You are viewing a plain text version of this content. The canonical link for it is here.
Posted to solr-user@lucene.apache.org by sdanzig <sd...@gmail.com> on 2012/11/29 21:38:38 UTC

Grouping by a date field

I'm trying to create a SOLR query that groups/field collapses by date.  I
have a field in YYYY-MM-dd'T'HH:mm:ss'Z' format, "datetime", and I'm looking
to group by just per day.  When grouping on this field using
group.field=datetime in the query, SOLR responds with a group for every
second.  I'm able to easily use this field to create day-based facets, but
not groups.  Advice please?

- Scott



--
View this message in context: http://lucene.472066.n3.nabble.com/Grouping-by-a-date-field-tp4023318.html
Sent from the Solr - User mailing list archive at Nabble.com.

Re: Grouping by a date field

Posted by Jack Krupansky <ja...@basetechnology.com>.
A POC will tell you - it is 90% driven by your particular environment, your 
particular schema, your particular data, and your particular queries (e.g., 
how many documents they match, how many days they match.)

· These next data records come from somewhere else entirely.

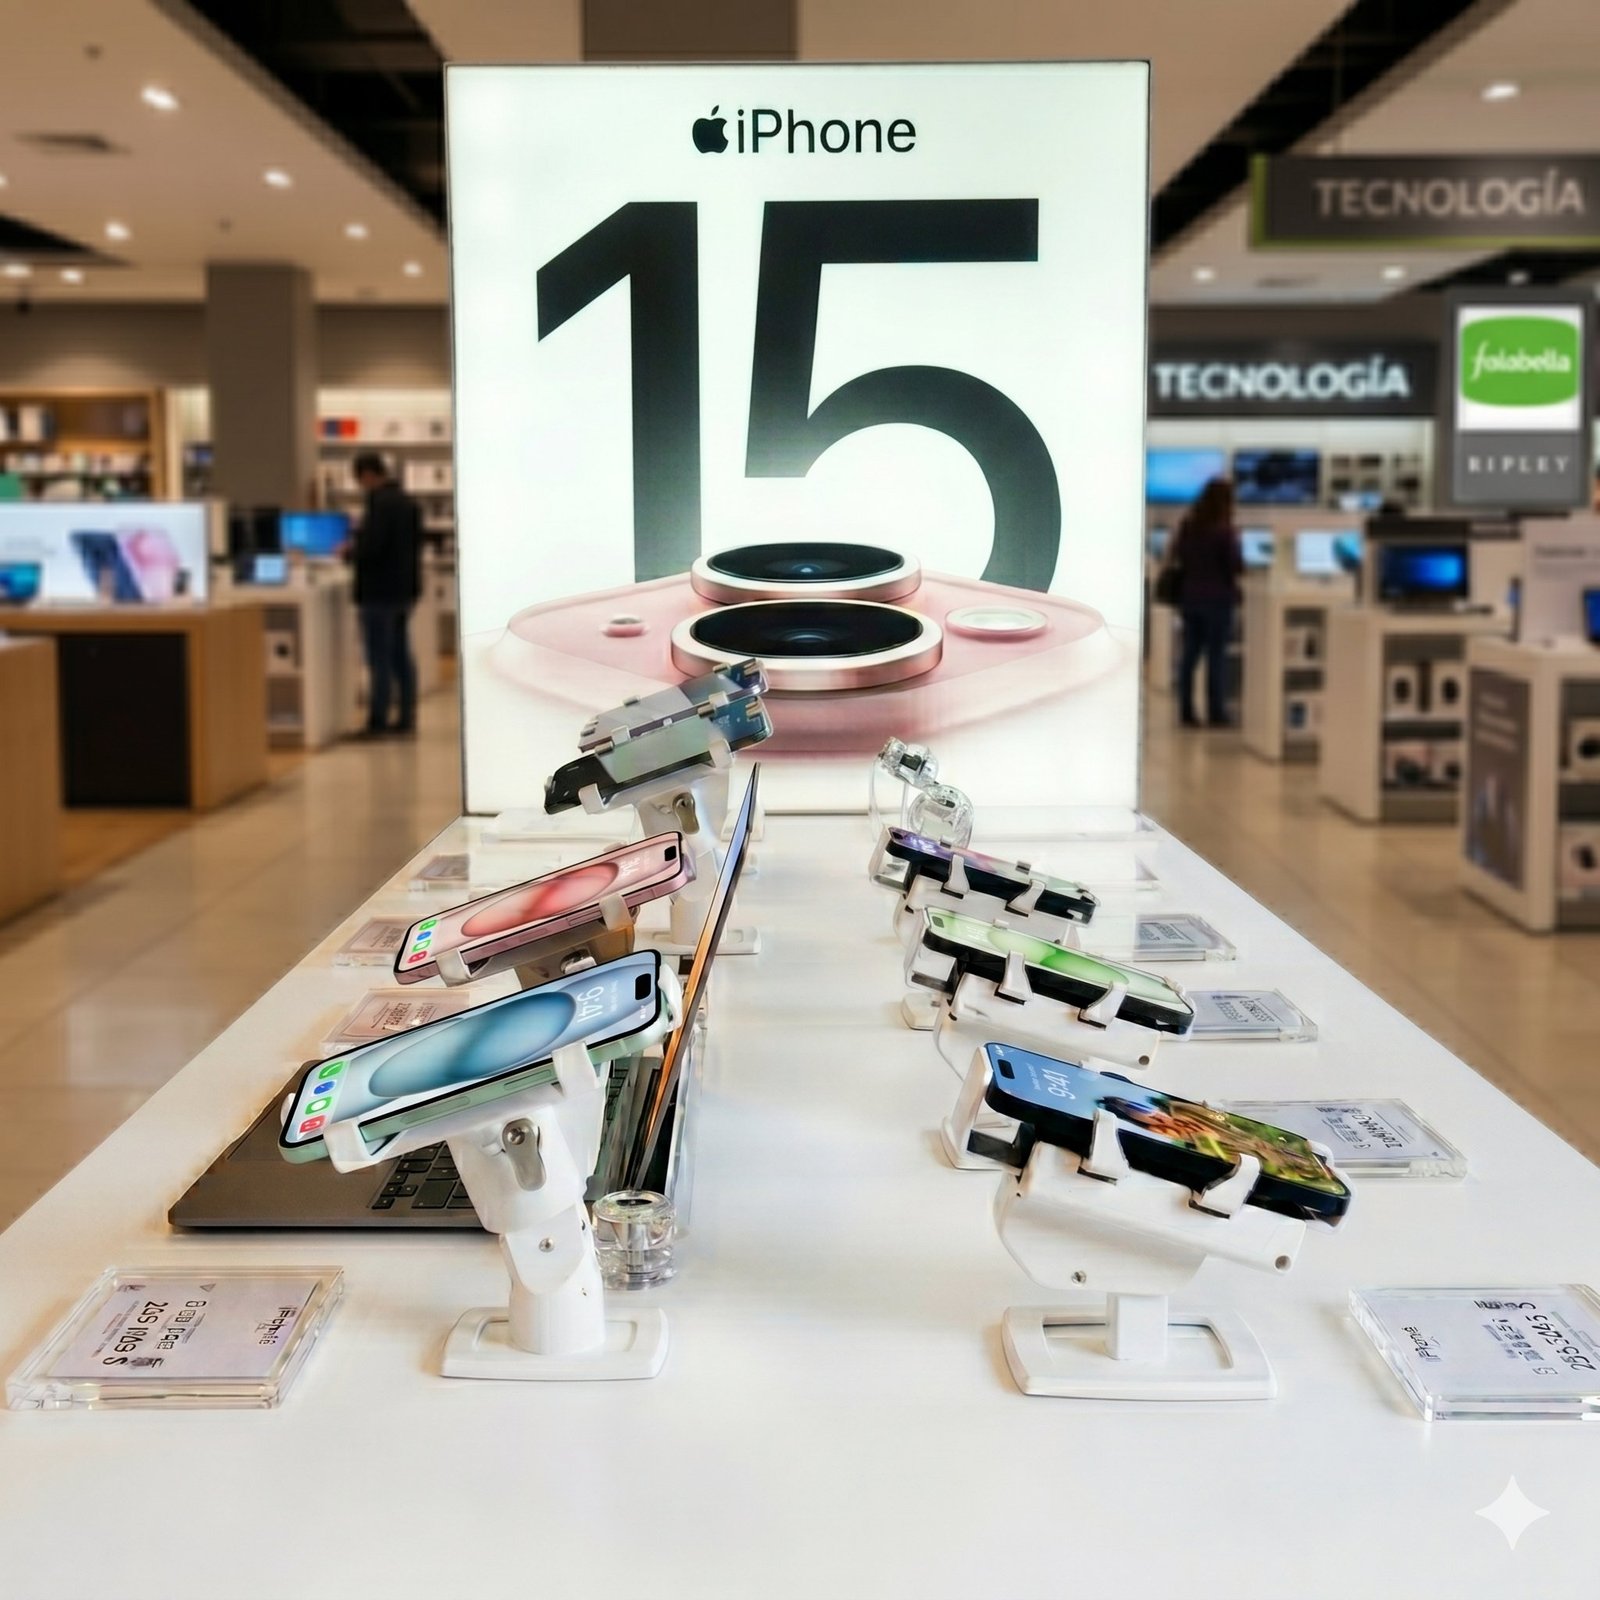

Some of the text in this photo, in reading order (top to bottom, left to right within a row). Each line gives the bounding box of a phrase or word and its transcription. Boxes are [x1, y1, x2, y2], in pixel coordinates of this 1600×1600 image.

[737, 108, 917, 154] iPhone
[1315, 168, 1585, 219] TECNOLOGÍA
[536, 198, 1062, 593] 15
[1154, 354, 1411, 399] TECNOLOGÍA
[1467, 454, 1569, 474] RIPLEY
[576, 986, 604, 1023] 9:41
[1041, 1067, 1076, 1099] 9:41

But please do share with us your results after conducting your POC - which 
is an absolute requirement for all particular changes to how an app uses 
Solr.

-- Jack Krupansky

-----Original Message----- 
From: Amit Nithian
Sent: Friday, November 30, 2012 12:04 AM
To: solr-user@lucene.apache.org
Subject: Re: Grouping by a date field

What's the performance impact of doing this?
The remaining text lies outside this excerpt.